Find the largest prime factor of a composite number.
As previously mentioned, having a lazy prime generator is kind of nice when it's time to solve this problem. The idea I settled on is to create a prime factorization of the target number. From that list I can then select the largest prime factor.
Here's my prime factorization code:
let rec factors n =
let root (n:int64) =
int64 (sqrt (float n))
let rec exp e p n =
match n%p with
| 0L -> exp (e+1L) p (n/p)
| _ -> e
let rec pow e p =
match e with
| 0L -> 1L
| e -> p*pow (e-1L) p
let primes = sieve 2L Map.empty
seq {
if n > 1L then
let divisor = primes |> Seq.takeWhile (fun k -> k <= root n) |> Seq.tryFind (fun k -> n%k = 0L)
match divisor with
| None -> yield (n, 1L)
| Some(k) ->
let e = exp 0L k n
yield (k, e)
yield! factors (n/pow e k)
}
I think this looks more complicated than it actually is because of the embedded helper functions: the root function computes the square root of an integer, exp computes the number of times a prime number appears in the prime factorization of a composite number and pow raises an integer to a power. It's not clear to me whether it would be better to have these as standalone functions or as embedded ones.
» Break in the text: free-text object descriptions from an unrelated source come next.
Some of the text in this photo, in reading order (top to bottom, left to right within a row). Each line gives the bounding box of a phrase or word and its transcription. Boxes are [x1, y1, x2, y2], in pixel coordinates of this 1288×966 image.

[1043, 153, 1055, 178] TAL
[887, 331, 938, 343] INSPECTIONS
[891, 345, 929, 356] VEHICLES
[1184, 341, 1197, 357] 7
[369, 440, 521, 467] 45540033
The result of passing a number into factors is a sequence of tuples where the first entry is the prime factor and the second is the number of times that factor goes into the composite number. This function will come in useful in my solutions to later Project Euler problems.
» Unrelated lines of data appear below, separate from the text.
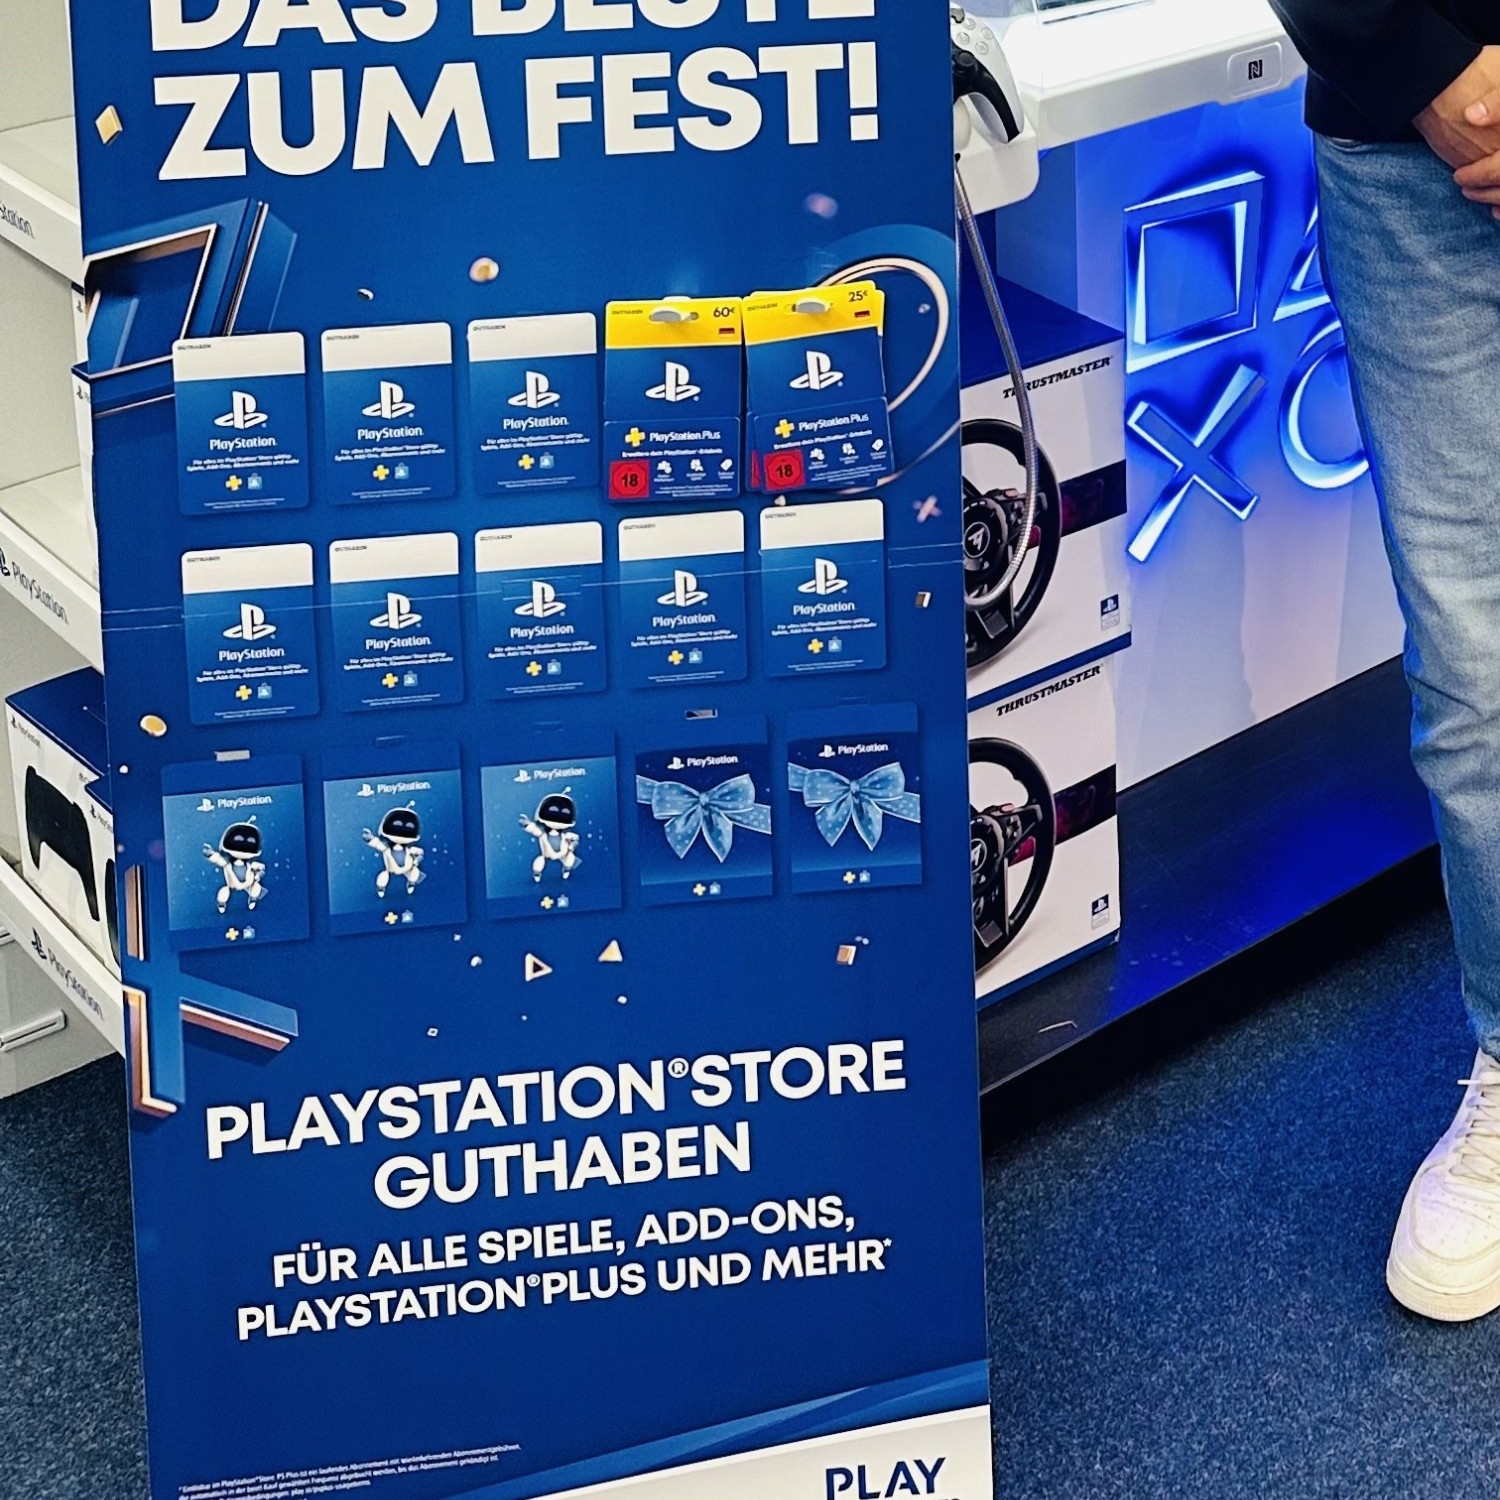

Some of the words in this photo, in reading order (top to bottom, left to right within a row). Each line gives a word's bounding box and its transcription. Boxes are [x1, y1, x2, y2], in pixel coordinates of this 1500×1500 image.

[153, 62, 497, 180] ZUM
[527, 41, 880, 160] FEST!
[713, 305, 736, 318] 60€
[1002, 355, 1112, 400] TRUSTMASTER
[503, 415, 568, 431] PlayStation
[850, 413, 870, 422] Plus
[357, 426, 423, 442] PlayStation
[649, 431, 701, 444] PlayStation
[702, 430, 721, 440] Plus
[209, 436, 276, 452] PlayStation
[775, 464, 793, 478] 18
[621, 473, 638, 487] 18
[12, 562, 69, 625] PlayStation
[793, 601, 855, 617] PlayStation
[652, 613, 715, 629] PlayStation
[510, 624, 574, 640] PlayStation
[365, 636, 431, 651] PlayStation
[218, 647, 285, 662] PlayStation
[996, 665, 1101, 717] THRUSTMASTER
[838, 743, 889, 756] PlayStation
[687, 755, 738, 768] PlayStation
[533, 767, 586, 780] PlayStation
[377, 780, 431, 795] PlayStation
[217, 795, 272, 810] PlayStation
[46, 946, 106, 1023] PlayStation
[690, 1039, 907, 1107] STORE
[373, 1121, 752, 1210] GUTHABEN
[272, 1240, 359, 1288] FÜR
[368, 1232, 467, 1278] ALLE
[478, 1217, 626, 1266] SPIELE,
[635, 1194, 855, 1249] ADD-ONS,
[541, 1262, 646, 1304] PLUS
[657, 1251, 752, 1293] UND
[825, 1457, 946, 1500] PLAY
With this factorization function the solution to the problem is:
factors 600851475143L |> Seq.map (fun k -> fst k) |> Seq.max |> printfn "%A"
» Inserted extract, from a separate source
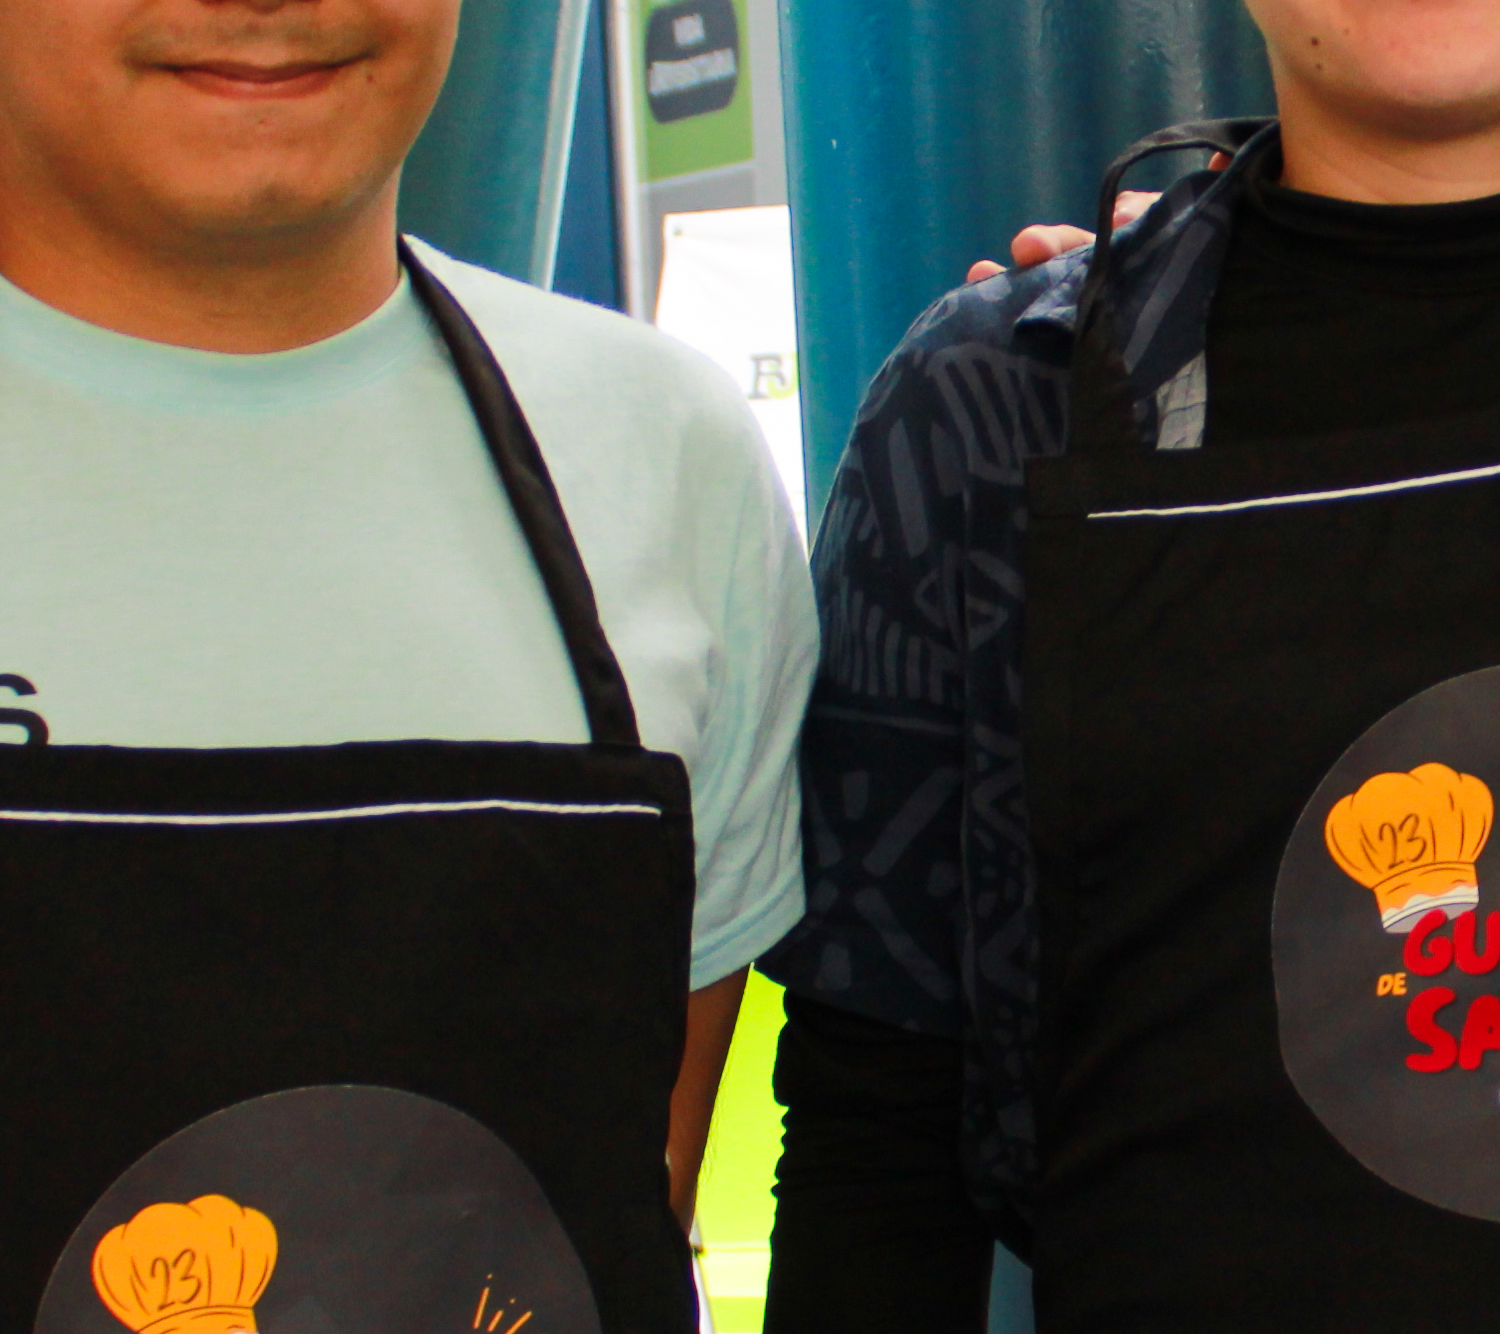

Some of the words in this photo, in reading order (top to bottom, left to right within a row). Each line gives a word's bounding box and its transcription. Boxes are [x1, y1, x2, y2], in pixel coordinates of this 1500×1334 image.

[1378, 812, 1429, 869] 23
[1376, 972, 1408, 996] DE
[151, 1247, 202, 1311] 23
The mapping step basically throws away the exponent and allows us just to focus on the prime factor.
There is a some inefficiency in this code. Every time factors is called recursively it starts checking prime factors from the very first prime. Yet we know that we've already checked some of them previously. I briefly messed around with fixing this by always pulling from the same sequence of primes rather than creating a new one every time. Then I decided it was more trouble than it was worth.